Dr. Vicente Rafael, University of Washington

About the Speaker: Dr. Vince Rafael is a renowned historian teaching at the University of Washington, whose cross-cultural work focuses on the Philippines, comparative colonialism and nationalism. He is writer and editor of several books, including White Love and Other Events in Filipino History and  Contracting Colonialism, which both won the Philippines National Book Award for History awarded by the Manila Critics’ Circle in 2000 and 1989, respectively. He was also the recipient of fellowships, such as the Simpson Humanities Center at the University of Washington Fellowship (2004-2005), Andrews Visiting Chair at the University of Hawai’i at Manoa, Residential Fellowship at the Rockefeller Foundation in Italy (1997), the Mellon Fellowship at Stanford University (1986-87), and many others. Dr. Rafael received his PhD and Masters in History from Cornell University, and his undergraduate degree in History and Philosophy from Ateneo de Manila University with highest honours.
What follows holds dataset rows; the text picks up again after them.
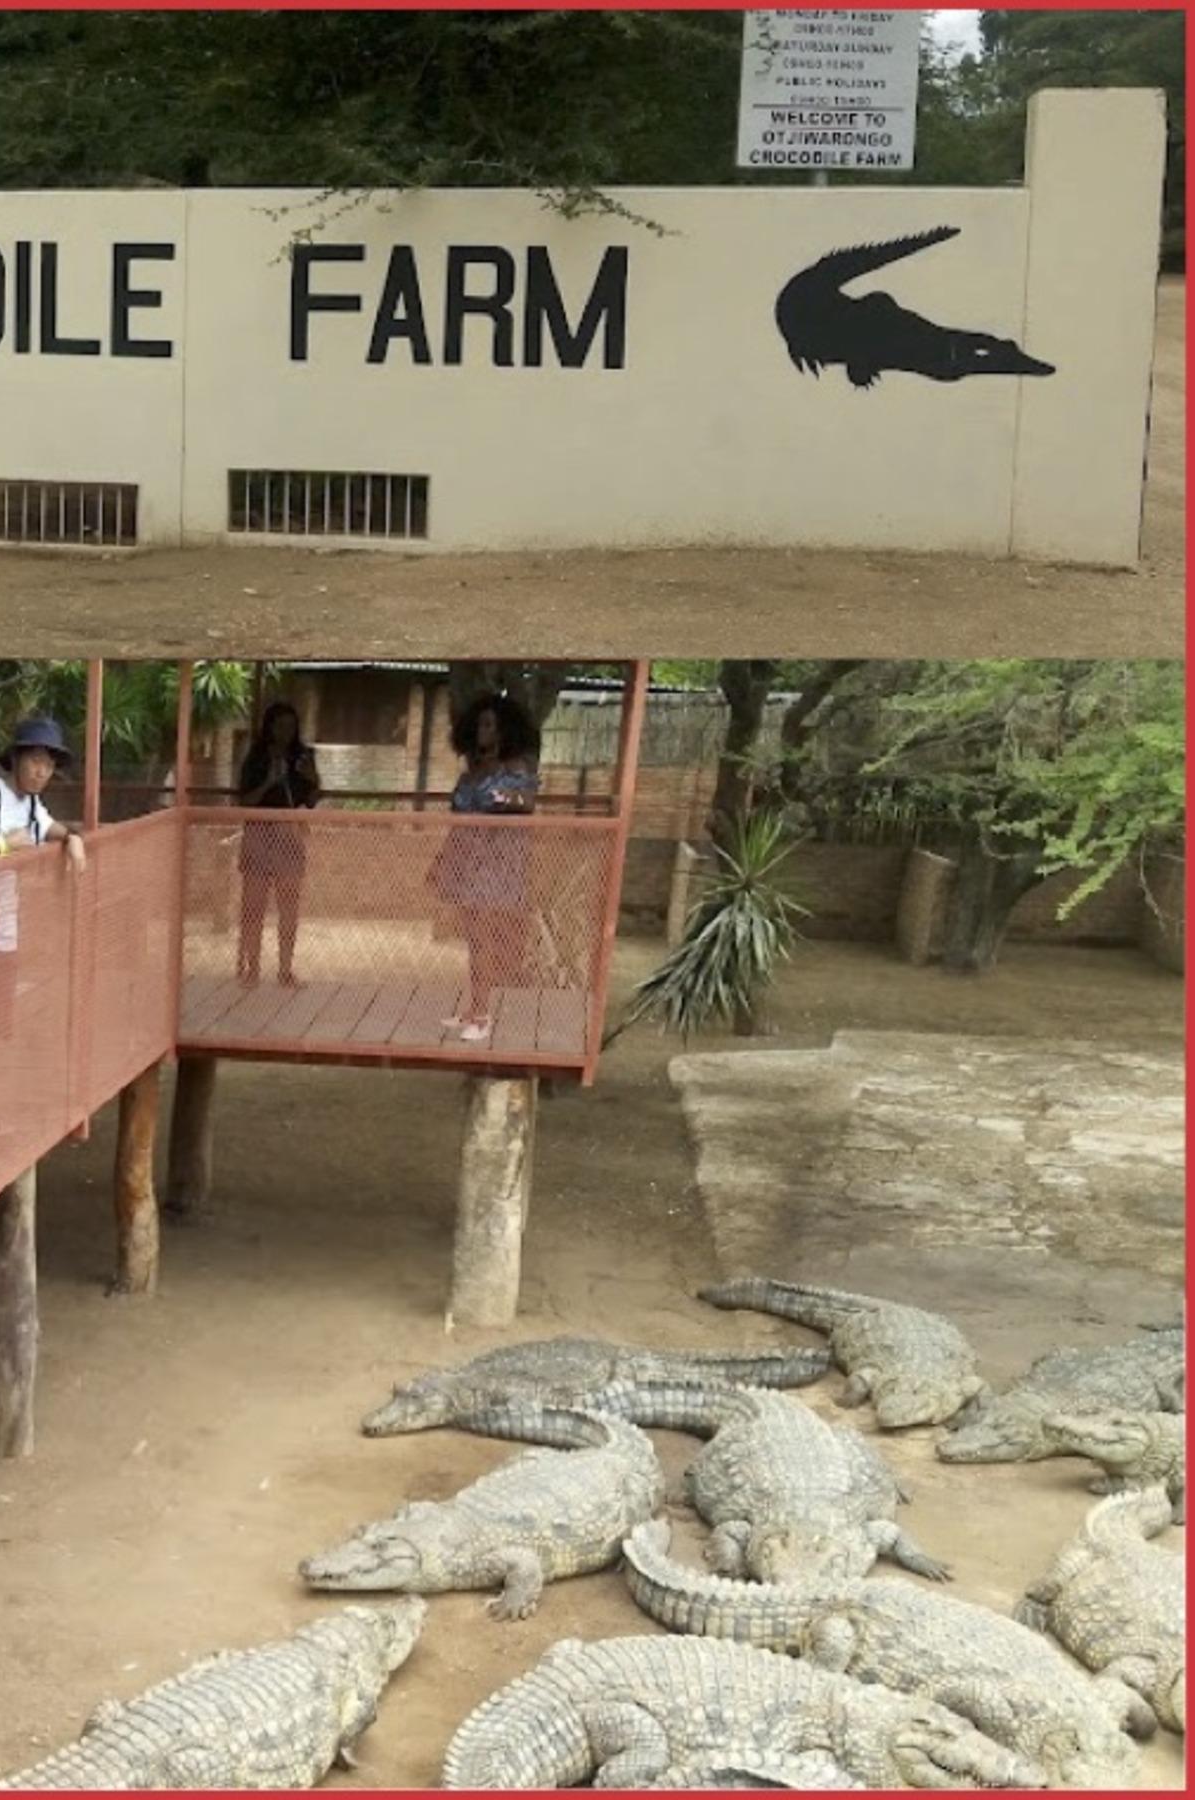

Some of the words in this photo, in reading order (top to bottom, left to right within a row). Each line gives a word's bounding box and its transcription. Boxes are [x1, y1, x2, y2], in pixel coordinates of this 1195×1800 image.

[776, 76, 822, 87] PUBLIC
[826, 78, 886, 89] HOLIDAYS
[770, 111, 858, 126] WELCOME
[864, 113, 887, 128] TO
[762, 131, 893, 147] OTJIWARONGO
[749, 151, 851, 165] CROCODILE
[856, 152, 901, 166] FARM
[290, 242, 629, 370] FARM
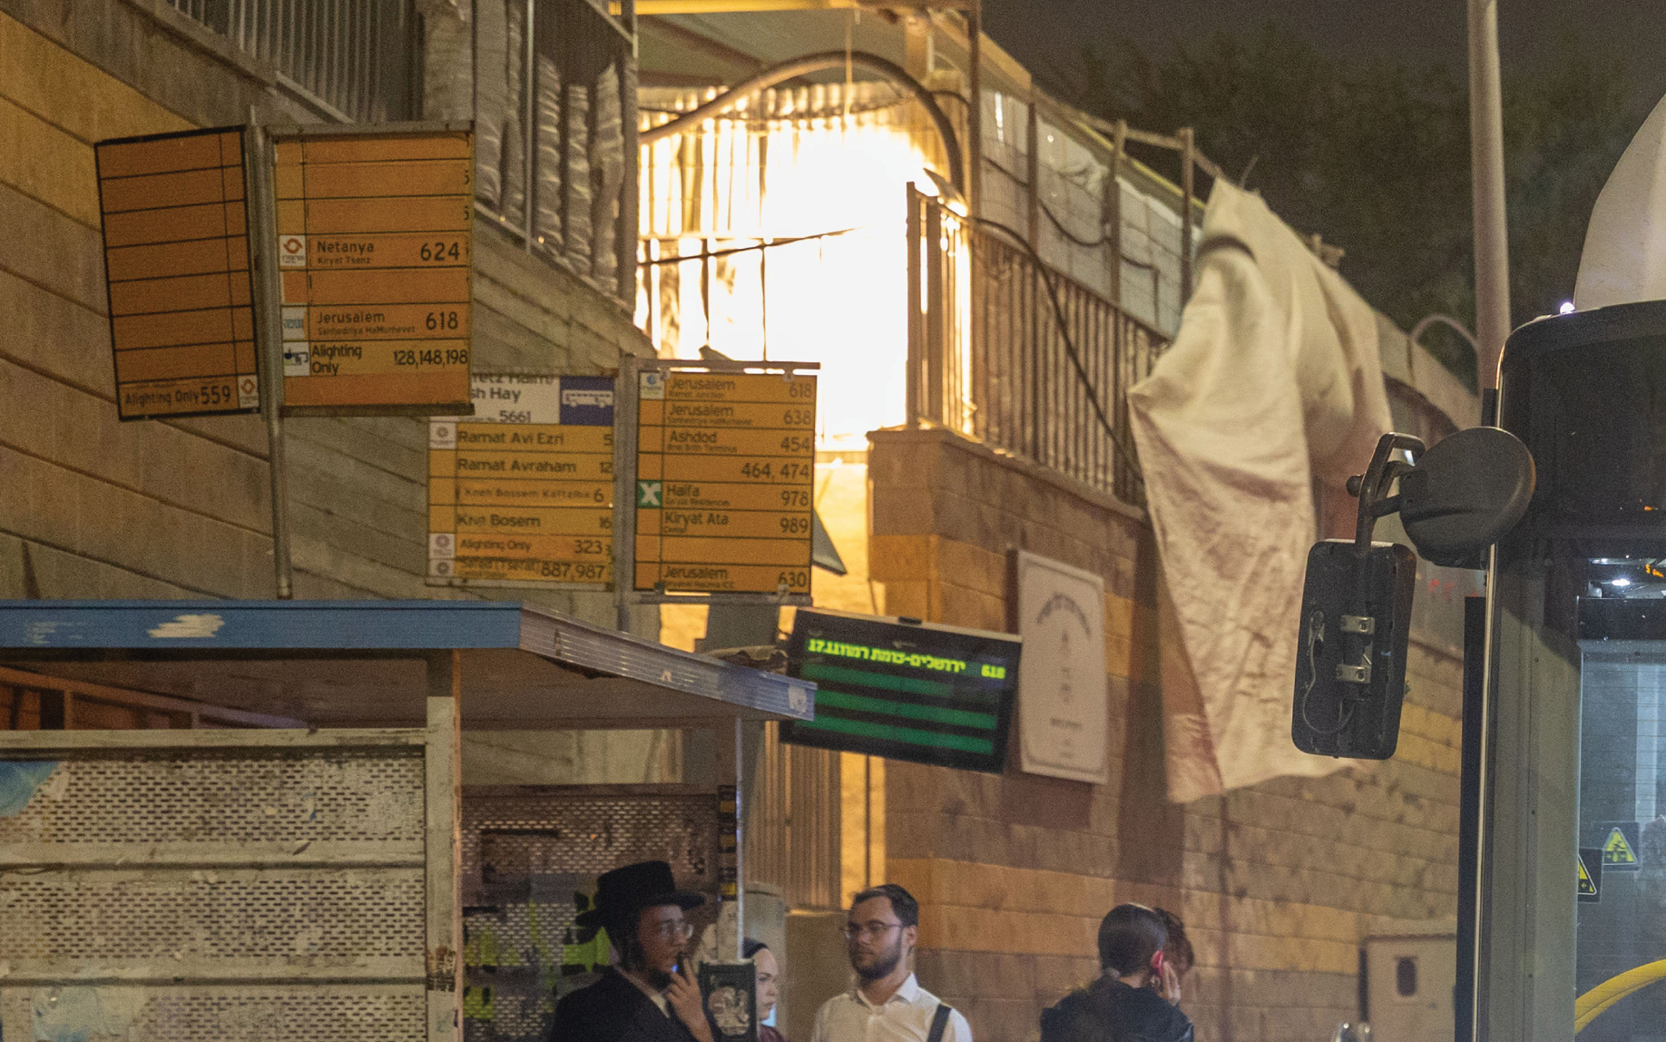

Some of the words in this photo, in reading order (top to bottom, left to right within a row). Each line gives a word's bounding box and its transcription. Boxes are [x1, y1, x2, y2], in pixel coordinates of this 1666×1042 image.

[316, 240, 375, 256] Netanya
[420, 242, 460, 261] 624
[316, 311, 385, 324] Jerusalem
[425, 311, 459, 331] 618
[311, 344, 363, 360] Alighting
[393, 349, 469, 369] 128,148,198
[311, 361, 340, 376] Only
[124, 392, 173, 408] Alighting
[174, 389, 199, 405] Only
[200, 385, 231, 404] 559
[489, 387, 522, 404] Hay
[670, 378, 736, 391] Jerusalem
[788, 382, 812, 398] 618
[499, 411, 532, 424] 5661
[668, 404, 734, 417] Jerusalem
[783, 409, 812, 426] 638
[457, 430, 506, 444] Ramat
[510, 431, 533, 444] Avi
[537, 432, 564, 445] Ezri
[670, 431, 718, 444] Ashdod
[780, 437, 810, 452] 454
[457, 458, 506, 471] Ramat
[510, 460, 577, 473] Avraham
[779, 463, 810, 479] 474
[593, 488, 604, 503] 6
[667, 484, 700, 497] Haifa
[780, 491, 809, 507] 978
[490, 514, 541, 528] Bosem
[664, 511, 703, 529] Kiryat
[706, 512, 729, 525] Ata
[779, 518, 809, 534] 989
[574, 539, 603, 554] 323
[664, 566, 728, 580] Jerusalem
[777, 571, 807, 588] 630
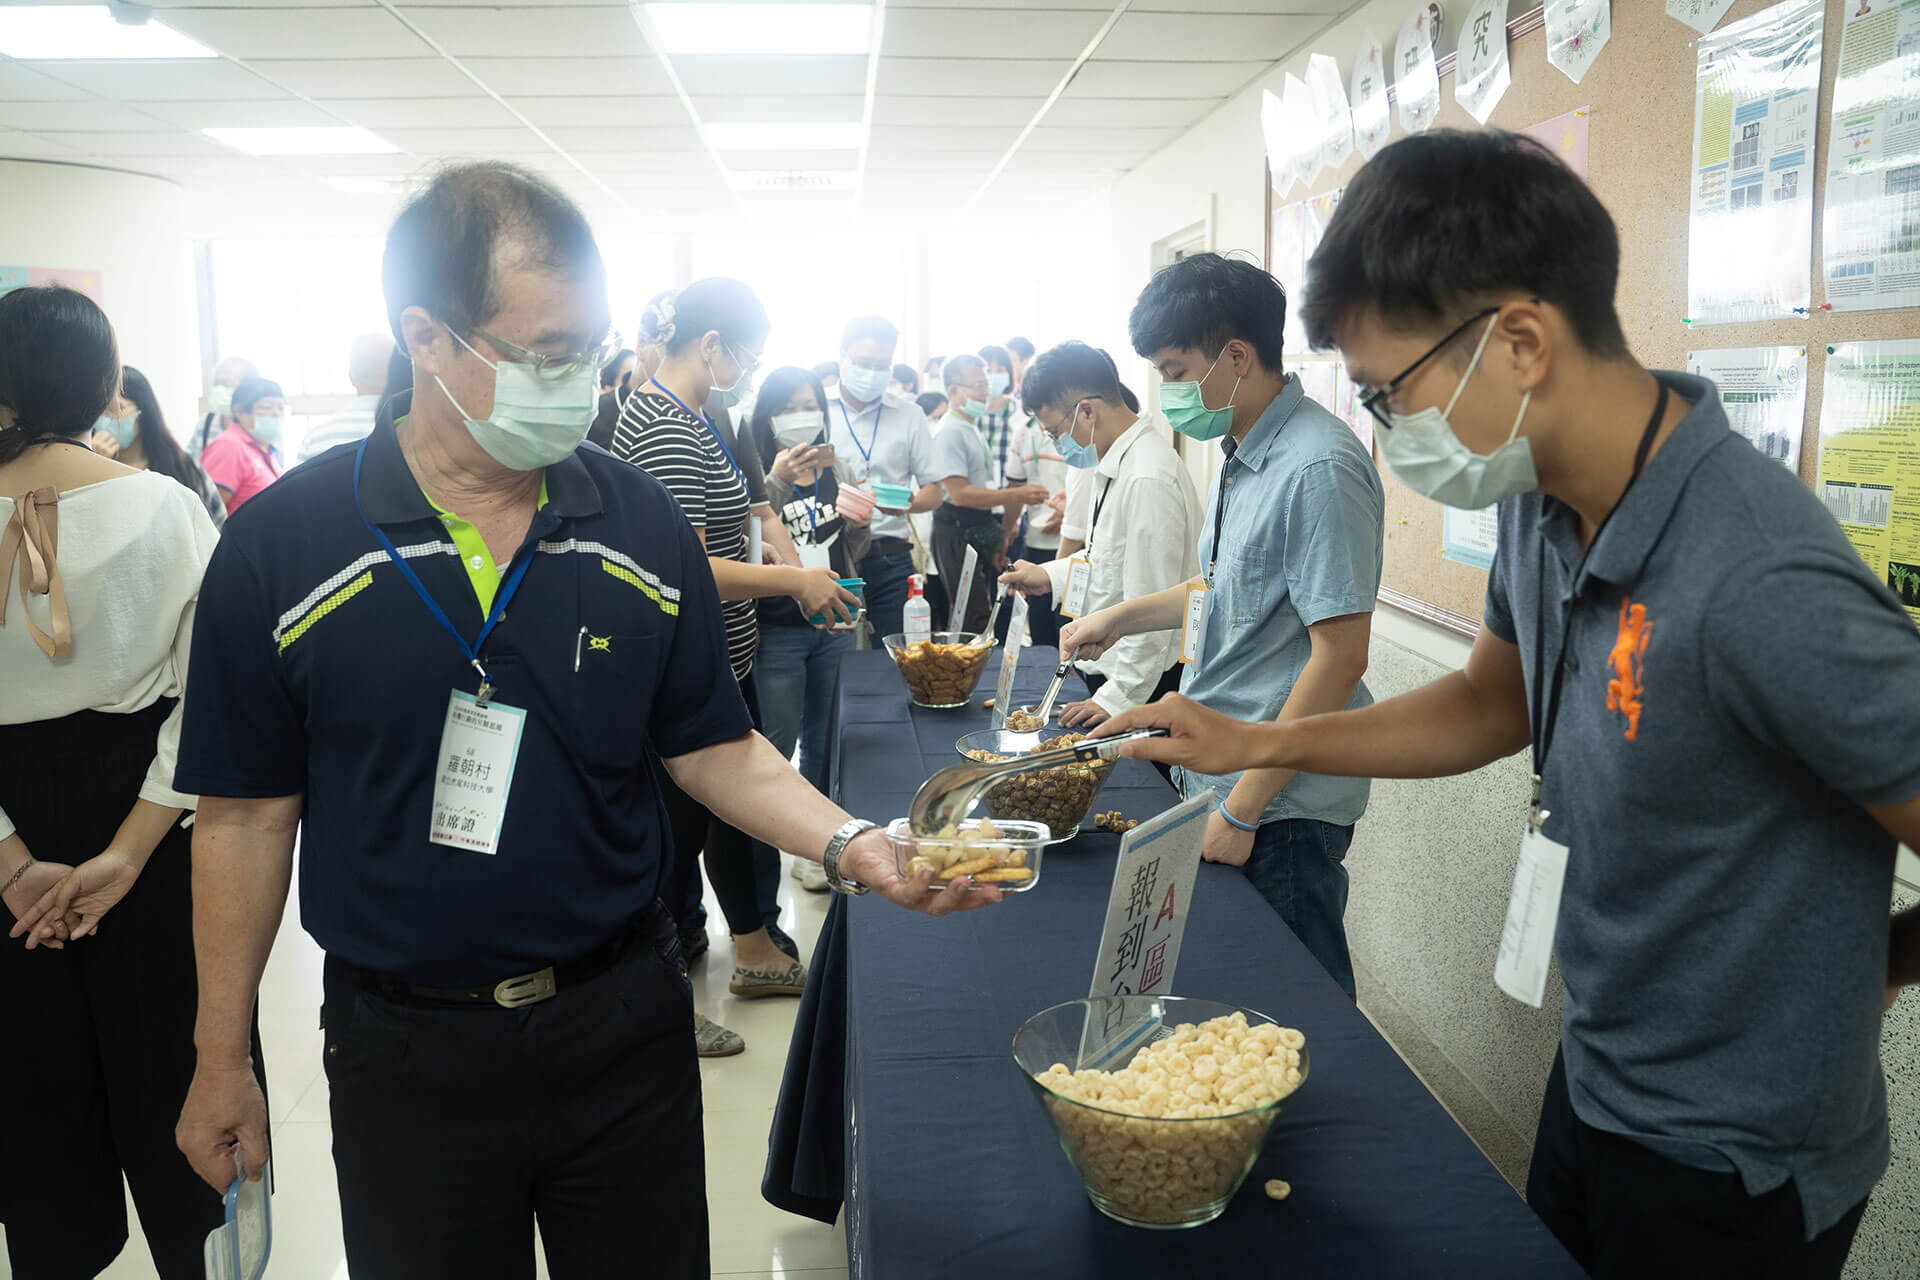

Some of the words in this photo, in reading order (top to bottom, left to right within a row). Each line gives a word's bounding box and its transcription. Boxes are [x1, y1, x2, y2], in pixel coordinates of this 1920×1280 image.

[1472, 10, 1491, 61] 究
[782, 495, 823, 522] ERY.
[784, 503, 840, 537] NGLE.
[447, 754, 491, 781] 羅朝村
[435, 810, 477, 833] 出席證
OCTOBER 27, 2011 , 1:00-2:45pm
Targeting Translation: US Counterinsurgency and the Politics of Language

Open Lecture with Dr. Vicente Rafael and with comments by Dr. Derek Gregory, Dept. of Geography, Peter Wall, Distinguished Professor

Much has been written about the revival of counterinsurgency in the wake of the US-led invasion and occupation of Iraq and Afghanistan. Emphasizing the “protection of the population” from insurgent forces, such a strategy requires familiarity with local cultures and languages. This paper will focus on counterinsurgent attempts to “weaponize” and target local languages by way of translation. It asks the following: How does the notion of language as an instrument of war entail the deployment of translation as a means to colonize and convert the life worlds of occupied populations? What are the ways by which translation itself is militarized – for example, in the teaching of foreign languages to soldiers, the development of automatic translation systems, and the exploitation of the mediating power of native interpreters? To what extent do such efforts succeed or fail? Are there aspects of language itself that resist reduction into mere instruments of war? How does linguistic resistance pose an absolute limit to the militarized control of translation? What does such a limit on the weaponization of speech tell us about the vicissitudes of counterinsurgency (and its strategic sibling, counterterrorism) as a means for sustaining U.S. global hegemony? Are there moments when language and translation are de-weaponized, rupturing the project of counterinsurgency and undermining the metaphysics of communication that underwrites American imperial ideology?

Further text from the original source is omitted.